しばらくして戻ってきた執事さんは、ベルナルドさんが国王陛下と話したいと言っていて、王都の外れにある古城で会談する予定であることを伝えてくれる。
〖古城の傍で降ろして〗
「行くのか」
〖行かないといけない気がするの〗
アリアの言葉に、リオンは少しの間押し黙ってから言う。
「俺も行く……と言いたいが、さすがにこの状況で抜け出すのは難しいか」
馬車を厳重に警護する騎士さんたち。
リオンを守ることが彼らの最も優先すべき仕事であり、いなくなったとなると大変な騒ぎになるのは間違いない。
〖リオンくんは自分のすべきことをして。わたしはわたしのやりたいことをするから〗
「無茶は絶対するな。いいか。

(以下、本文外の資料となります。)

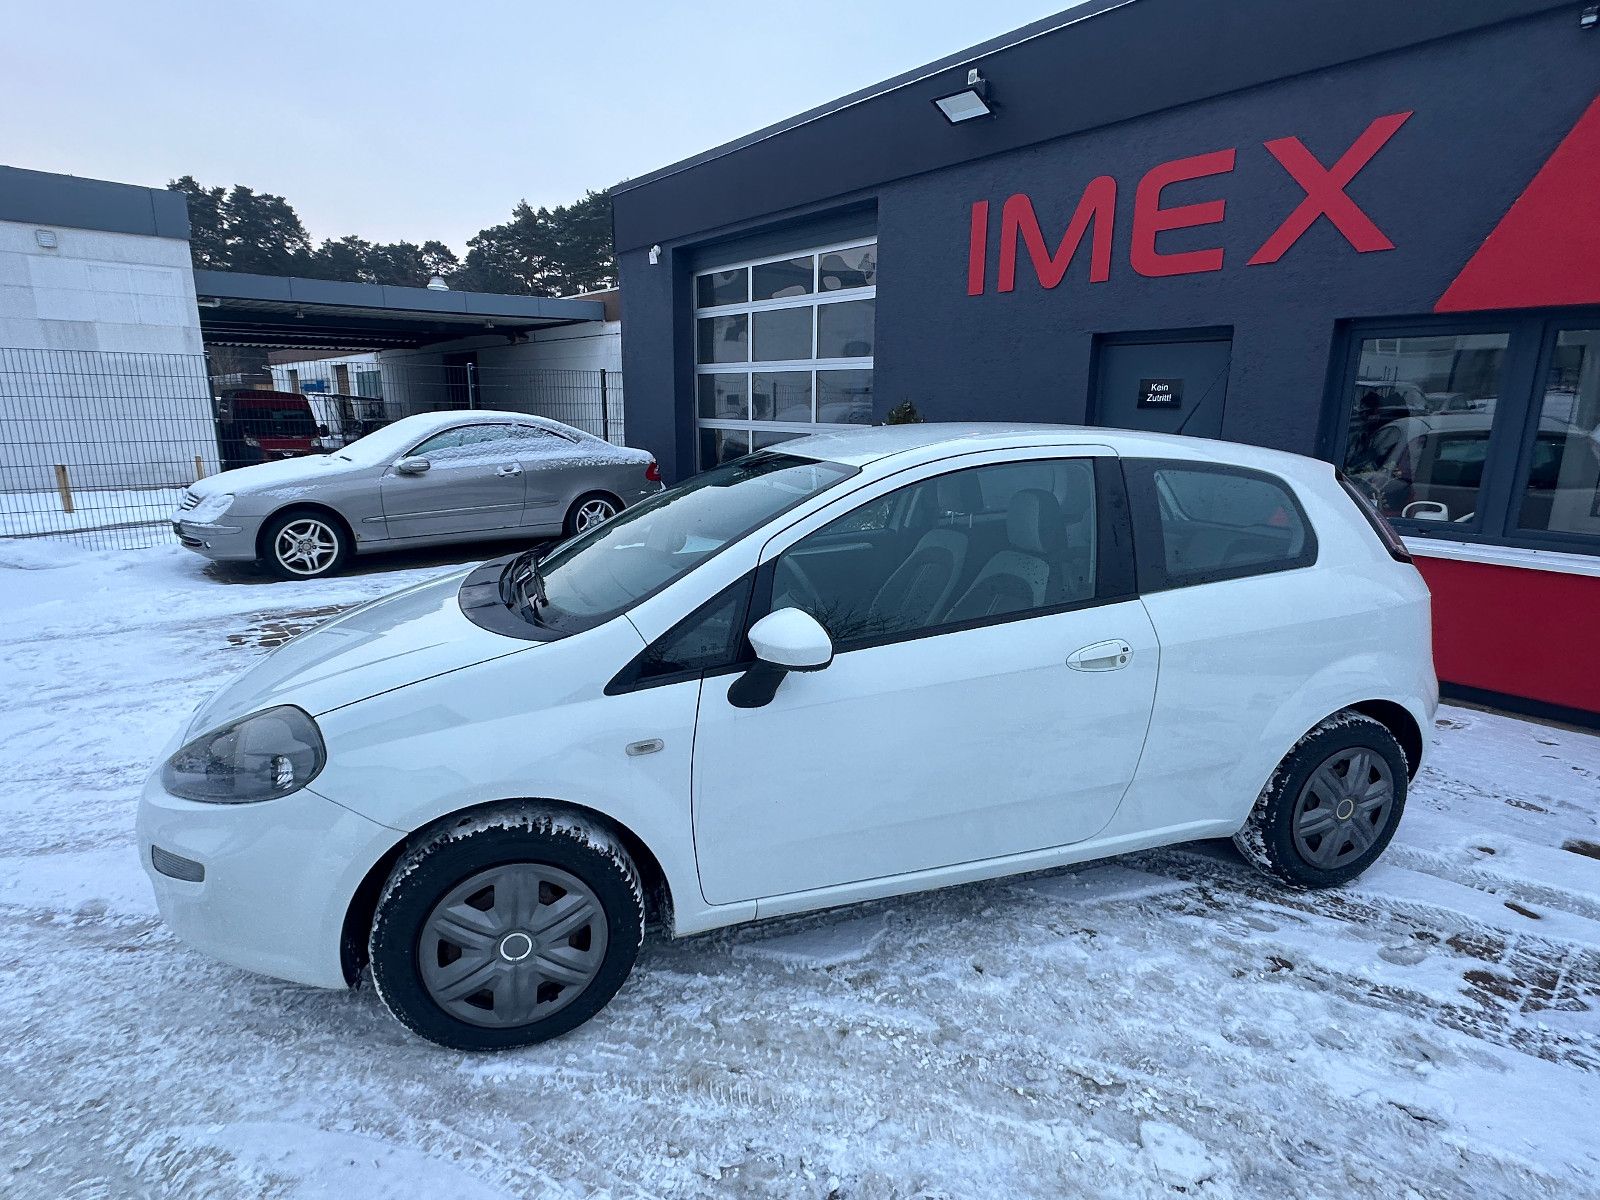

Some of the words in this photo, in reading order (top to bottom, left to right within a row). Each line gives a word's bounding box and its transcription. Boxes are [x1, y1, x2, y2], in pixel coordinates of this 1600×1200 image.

絶対だぞ」
リオンは鞄の裾を握りながら言う。
「必ず抜け出してそっちに行く」
言葉には強い意思が込められているように感じられた。
ベルナルドがいるという古城の傍で、リオンは水魔法で周囲の視界を遮りつつアリアの入った楽器を入れる鞄を降ろした。
水魔法の糸を使い、狭い路地の隙間に投げ入れる。
鞄の革越しに感じるとがった小石の感触。
リオンを警護する騎士たちが通り過ぎるのを待ってから、鞄を開けて外に出る。
路地の外に出たけれど、王都の外れにあるその場所の土地勘がアリアにはなかった。
(自分で動いたら絶対迷子になる気がする)
アリアは道を聞くことにした。
歩いている老婦人に氷文字で質問する。
〖この辺りに王室所有の古城ってありますか?〗
老婦人は驚いた顔で氷文字を見つめてから、古城への行き方を教えてくれた。
「この道を真っ直ぐ進むと正門が見えてくるよ」
〖ありがとうございます!〗
お礼を言って、古城へ急ぐ。
どこまでも続く格子柵と芝生の生い茂る庭。
大きな古城の門にたどり着いたところで、視界に映ったのは門から出てくるベルナルドさんの姿だった。
目元を覆う前髪。
歩み寄ったアリアを見て、驚いたように少しだけ顔を上げる。
「どうして君がここに」
〖ベルナルドさんと話したくて〗
アリアは言う。
〖リオンくんと一緒に先王陛下が所有していた古書を調べてみたんです。そこには、ベルナルドさんが言っていたのと同じことが書かれていました。魔王の封印は百年に一度周期的に弱まる時期がある。五百年に一度さらに弱まる時期があると本には書かれていました〗
「五百年に一度というのは初耳だな」
〖そうなんですか?〗
「ああ。だが、たしかに過去の例を見ても五百年周期でより大きな被害が出ていた」
〖その本を書いた人は、このままいくと封印から二千年後に魔王の封印は解けると書かれていました〗
「二千年後だと……」
〖今年です〗
アリアの言葉にベルナルドさんは唇を引き結ぶ。
「一刻も早く封印を修繕しないと」
〖国王陛下との会談はどうでしたか?〗
「検討するとは言っていたが、完全に信じてはもらえなかったようだ。あの分だと、本格的に戦力が【禁域】に送られるのは、国内で暴れている魔物たちを討伐した後になるだろう」
〖それで間に合うんですか?〗
「…………」
ベルナルドさんはしばらくの間押し黙ってから言った。
「わからない。間に合う可能性もあるだろう」
〖すべてが手遅れになってしまう可能性もある〗
アリアの言葉に、ベルナルドさんは答えなかった。
しかし、その沈黙が何よりも雄弁にアリアの言葉が正しいことを語っていた。
〖わたし、行けます〗
「魔王が封印されているのは【還らずの禁域】の最奥。【無明の大空洞】だ。他の地域よりもはるかに高レベルの魔物が生息している大陸で最も危険な場所。その上、異常なまでに高い魔素濃度が頭痛、息切れ、錯乱、昏睡を引き起こす」
〖魔素症ですね〗
「最悪の場合、命に関わる」
〖それは普通の人の話です。わたしは魔術師なので、魔素濃度が高い状況には慣れています。加えて、魔素濃度が高いということはそれだけ出力の強い魔法が使えるということ。むしろ有利です〗
「君を禁域に連れて行くことはできない」
ベルナルドさんは強い口調で言った。
「これは私のような大人が解決しないといけない問題だ。遠くないうちに、君が誰かを守るために戦わないといけないときが来る。君はそのときにがんばればいい。世の中はそういう風にできているんだ」
〖わたしはできます。力になれます〗
「君がすべき仕事は、安全なところに避難してご両親を安心させることだ」
〖でも――〗
「もし、禁域で君を見かけたら私は全力で攻撃を仕掛ける。君の意識を奪い、強制的に連れ帰って動けないように拘束する」
ベルナルドさんは感情のない目でアリアを見つめて言った。